The column flowed past him, not without difficulty given the thickness of the ground cover. Even the floating wagons found the going difficult. The vegetation was dense enough—and tall enough—to catch at their wheels as they floated over it, and even if it hadn’t been, the draft animals had to work hard to force their own way forward, far less haul the wagons with them. Velvelig was trying very hard not to glower at the column’s glacial progress when one of Platoon-Captain Zynach Larkal’s men trotted up to him.

“There’s some sort of game trail to the east, Sir,” Armsman 1/c Shalsan Thykyl reported, and Velvelig wasn’t even tempted to ask how he could be so sure of that in the dark.

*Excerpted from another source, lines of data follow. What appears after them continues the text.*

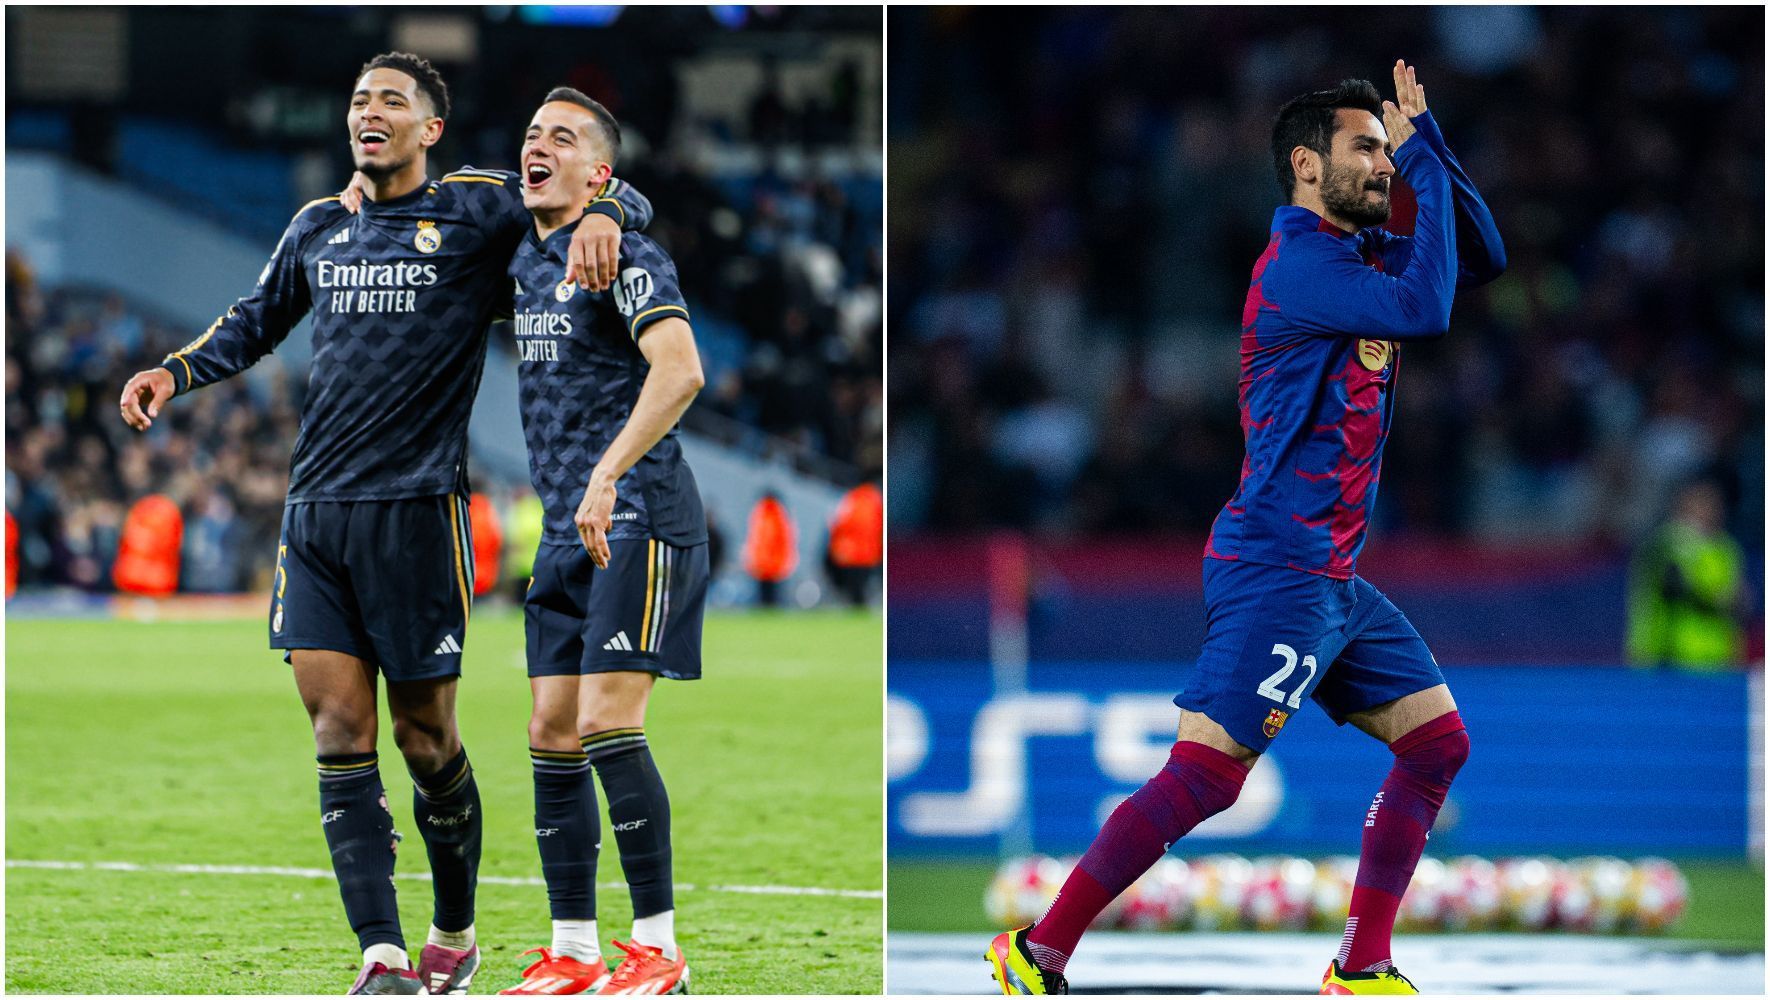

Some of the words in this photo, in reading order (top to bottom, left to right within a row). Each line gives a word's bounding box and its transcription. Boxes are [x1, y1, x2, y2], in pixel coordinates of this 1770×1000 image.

[318, 259, 438, 288] Emirates
[331, 291, 354, 313] FLY
[357, 290, 416, 313] BETTER
[514, 307, 572, 335] mirates
[1256, 643, 1317, 709] 22
[1365, 791, 1385, 827] BARÇA
[535, 828, 559, 837] CF

Thykyl was the best of the 127th Regiment’s scouts and the finest hunter Namir Velvelig had ever seen anywhere. If he said there was a game trail, there was a game trail.

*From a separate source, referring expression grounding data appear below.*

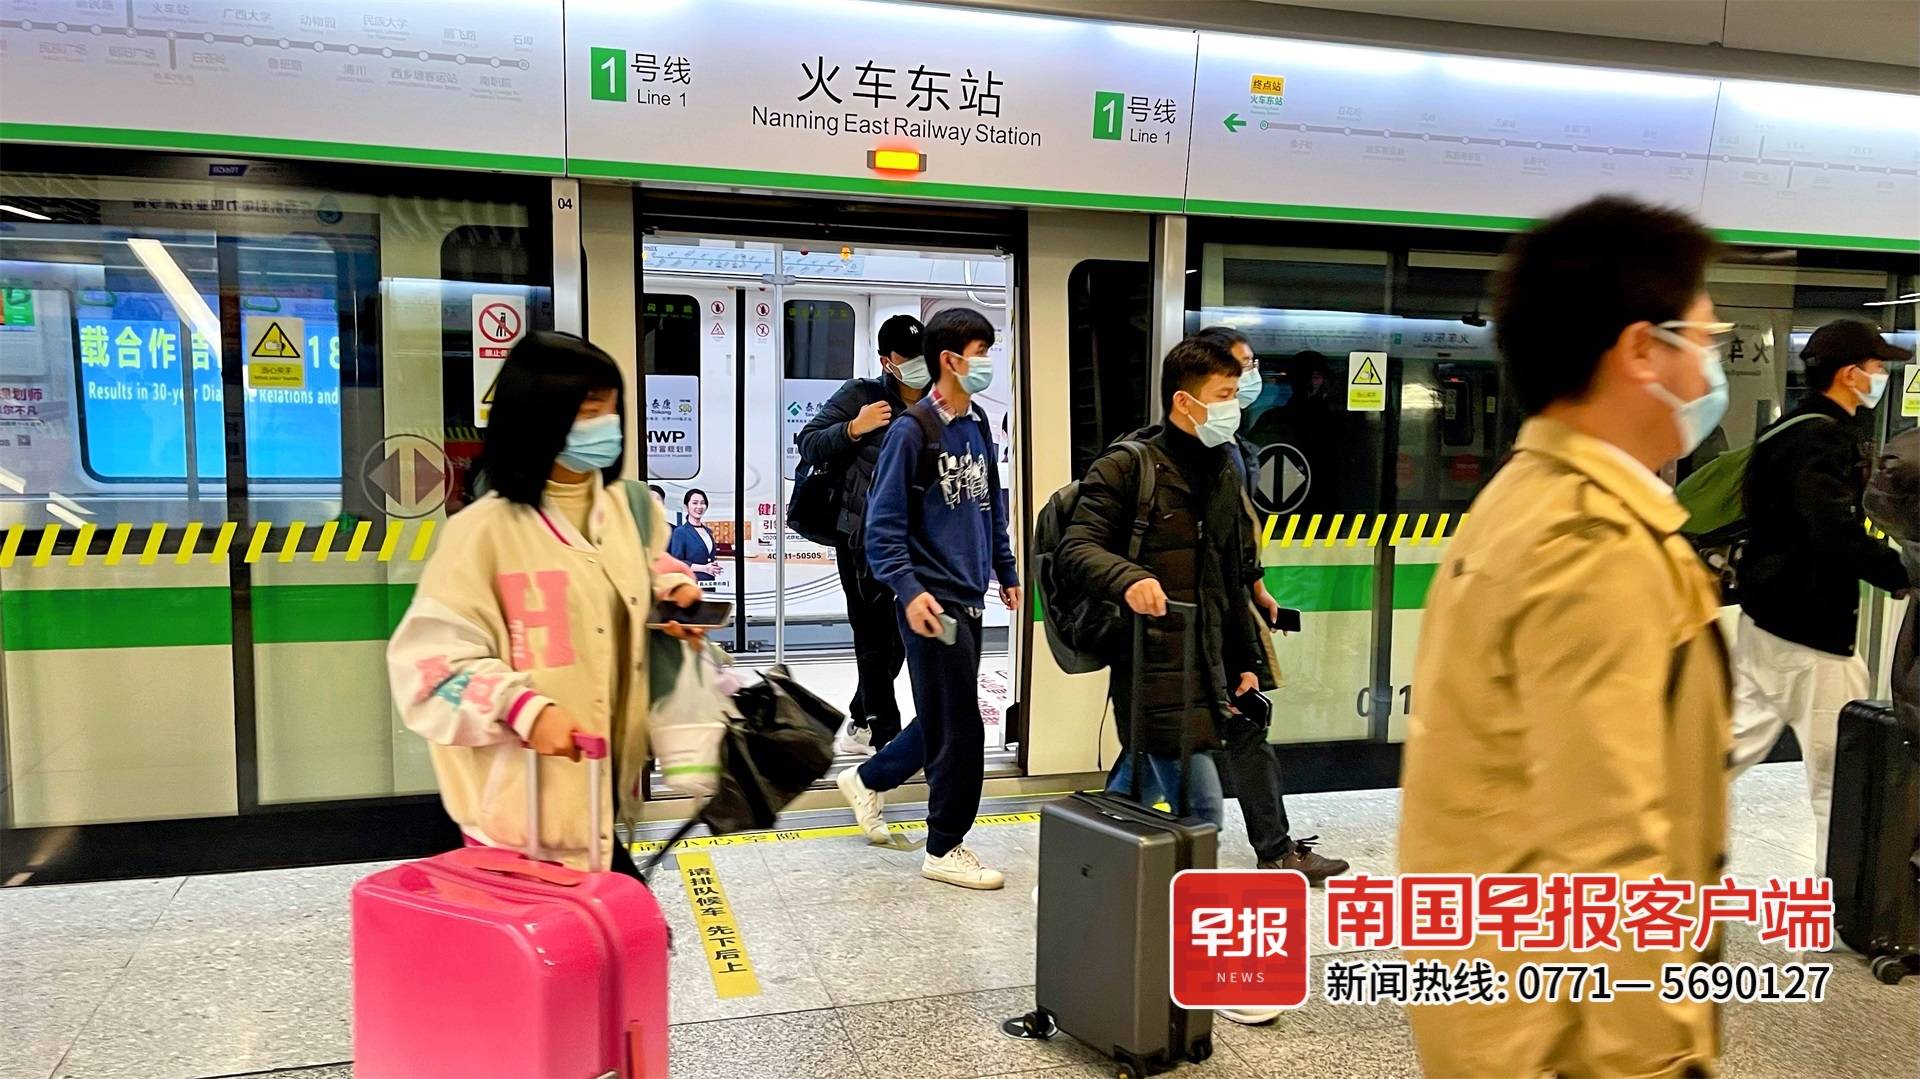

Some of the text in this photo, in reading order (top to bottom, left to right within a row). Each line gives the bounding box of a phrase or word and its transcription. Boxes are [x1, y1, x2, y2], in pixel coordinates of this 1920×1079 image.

[631, 53, 691, 85] 号线
[637, 88, 686, 107] Line 1
[797, 55, 1004, 118] 火车东站
[1252, 79, 1281, 91] 终点站
[1127, 96, 1176, 124] 号线
[752, 105, 1041, 147] Nanning East Railway Station
[1130, 128, 1170, 145] Line 1
[558, 197, 573, 210] 04
[88, 381, 132, 400] Results
[137, 382, 148, 399] in
[152, 383, 198, 405] 30-yer
[317, 386, 338, 405] and
[687, 867, 748, 974] 请排队候车 先下后上

“Is it wide enough for these damned wagons?”

“’Pears to be, Sir.” Thykyl turned in the saddle to point back the way he’d come. “Wouldn’t be if they had to run on their wheels, but on the Arcanans’ crystals the unicorns should be able to get ’em through. There’s a nasty steep ridge up there ahead of us, too. Trail looks like our best way up it.” He turned back with a smile. “Always trust animals to find the easy way, I say, Sir.”

“Or the easi
est
way, at least,” Velvelig agreed. “All right. Go find Master-Armsman Karuk and tell him we’re changing course. Then show him this trail of yours.”

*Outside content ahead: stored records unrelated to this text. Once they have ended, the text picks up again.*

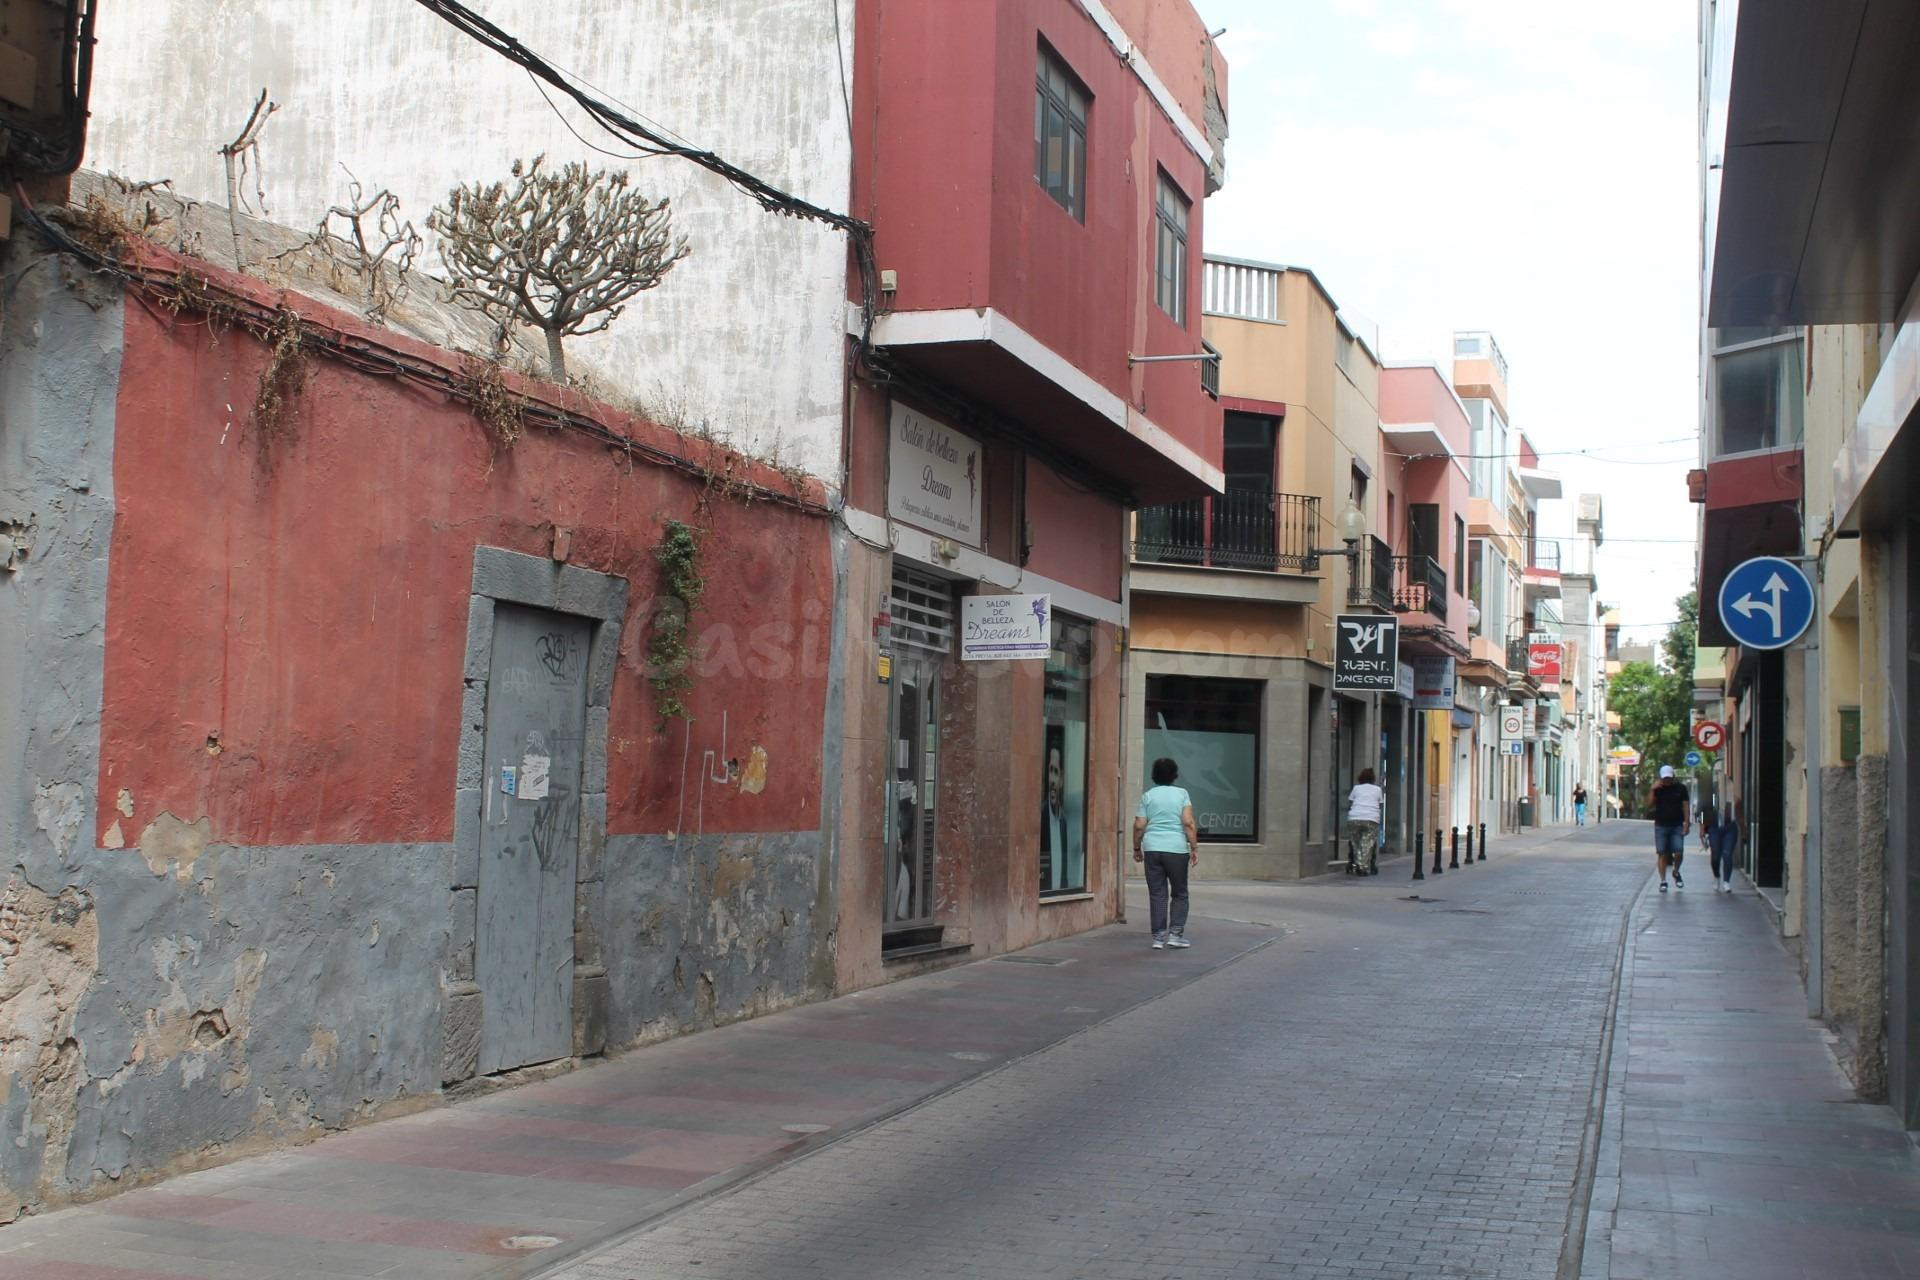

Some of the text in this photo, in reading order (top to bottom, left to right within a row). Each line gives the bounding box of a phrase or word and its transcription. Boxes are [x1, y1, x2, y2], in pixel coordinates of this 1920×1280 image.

[921, 465, 951, 500] Dreams
[966, 621, 1031, 640] Dreams
[1342, 660, 1378, 670] RUBEN
[1336, 675, 1394, 684] DANCE CENTER
[1199, 812, 1248, 828] CENTER

“Yes, Sir.” Thykyl saluted and sent his unicorn in search of the master-armsman singular while Velvelig moved back to the very edge of the portal to halt the rest of the column until they got its head straightened out.

* * *

“Well thank Hali Thykyl found that trail,” Therman Ulthar said with profound gratitude.

He rode once again at Regiment-Captain Velvelig’s side, as the weary column reassembled itself back into a semblance of order behind them. There’d been times while they wrestled the wagons through the undergrowth—even with the game trail, that had been no picnic—when Ulthar had entertained serious doubts about the practicality of using this universe as their refuge. Dense jungle might be as ideal for evading pursuers as Velvelig said it was, but one had to get
to
it first and it had seemed unlikely the wagons would let them do that.

The game trail had made it possible, but no one in his right mind would have called the task easy. Once or twice, he’d been tempted to suggest simply abandoning their vehicles. The thought of leaving behind all of the Sharonian weapons and ammunition they’d hauled with them—especially the mortars and machine guns—had been unpalatable, but they probably could have packed the truly essential supplies on unicornback. Of course, leaving the wagons just inside the portal would also have been a dead giveaway to anyone looking for them who happened to glance this way, and there were plenty of things in those wagons which might not be truly essential but were certainly very good to have along. So it was fortunate they hadn’t had to abandon anything after all.